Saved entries
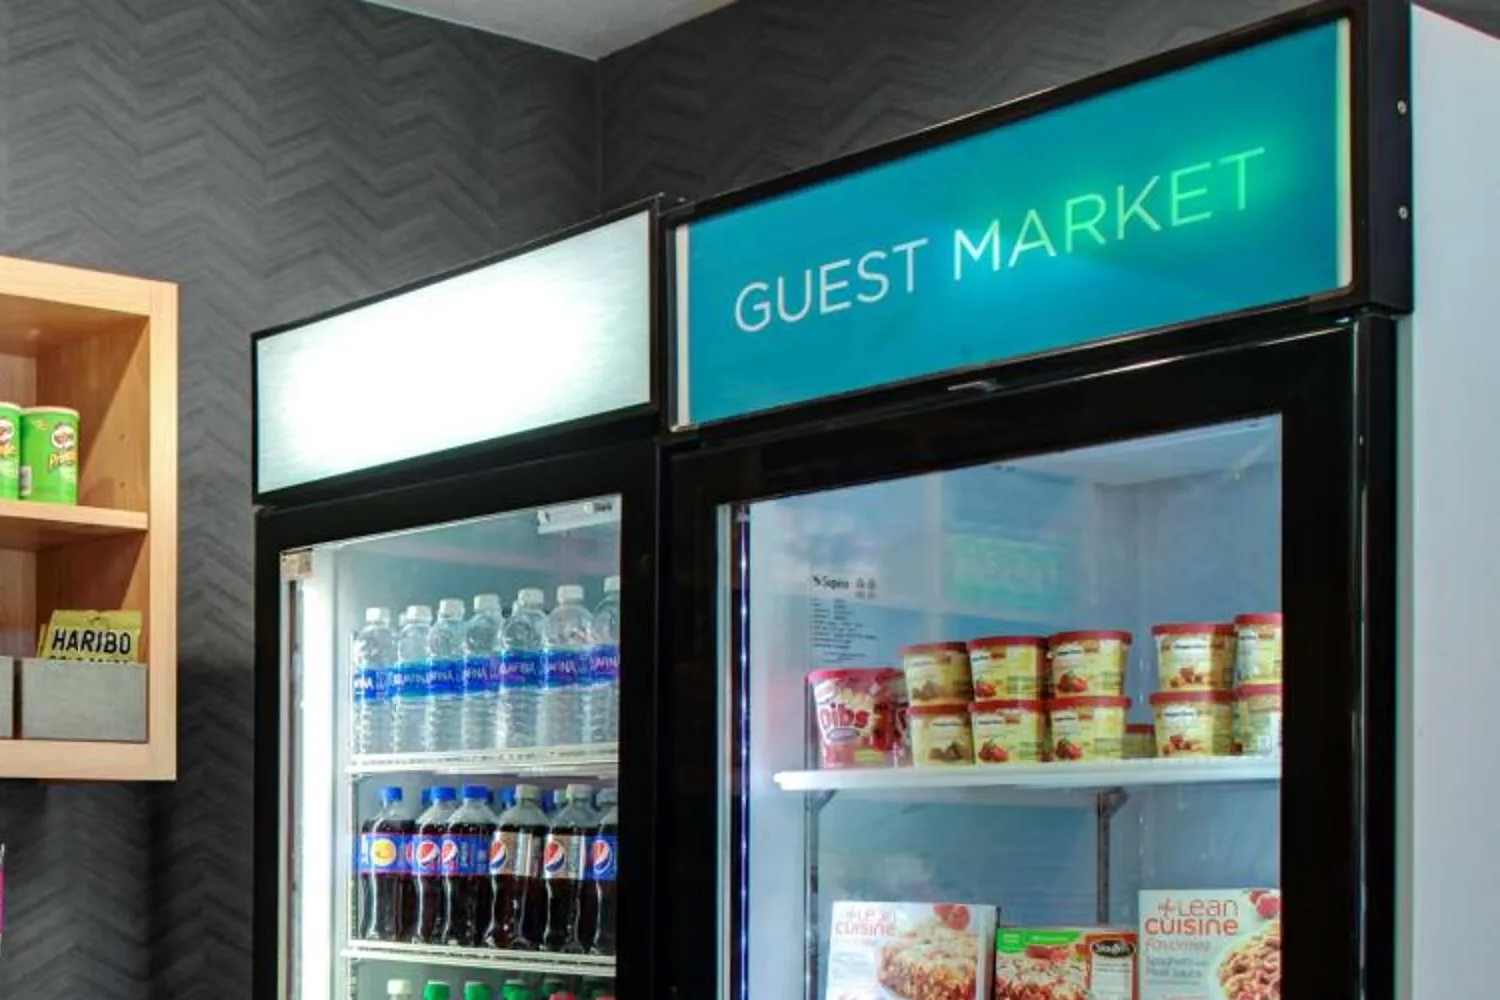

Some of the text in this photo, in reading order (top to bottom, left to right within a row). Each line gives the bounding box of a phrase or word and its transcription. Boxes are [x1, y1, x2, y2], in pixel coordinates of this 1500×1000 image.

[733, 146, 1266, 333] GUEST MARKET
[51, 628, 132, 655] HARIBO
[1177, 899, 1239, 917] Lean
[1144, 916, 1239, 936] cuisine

### AIM OF THE TASK
Return the entries above exactly, skipping any images.

### THE COMPLETED TASK
Some of the text in this photo, in reading order (top to bottom, left to right within a row). Each line gives the bounding box of a phrase or word and its transcription. Boxes are [x1, y1, x2, y2], in pixel coordinates of this 1500×1000 image.

[733, 146, 1266, 333] GUEST MARKET
[51, 628, 132, 655] HARIBO
[1177, 899, 1239, 917] Lean
[1144, 916, 1239, 936] cuisine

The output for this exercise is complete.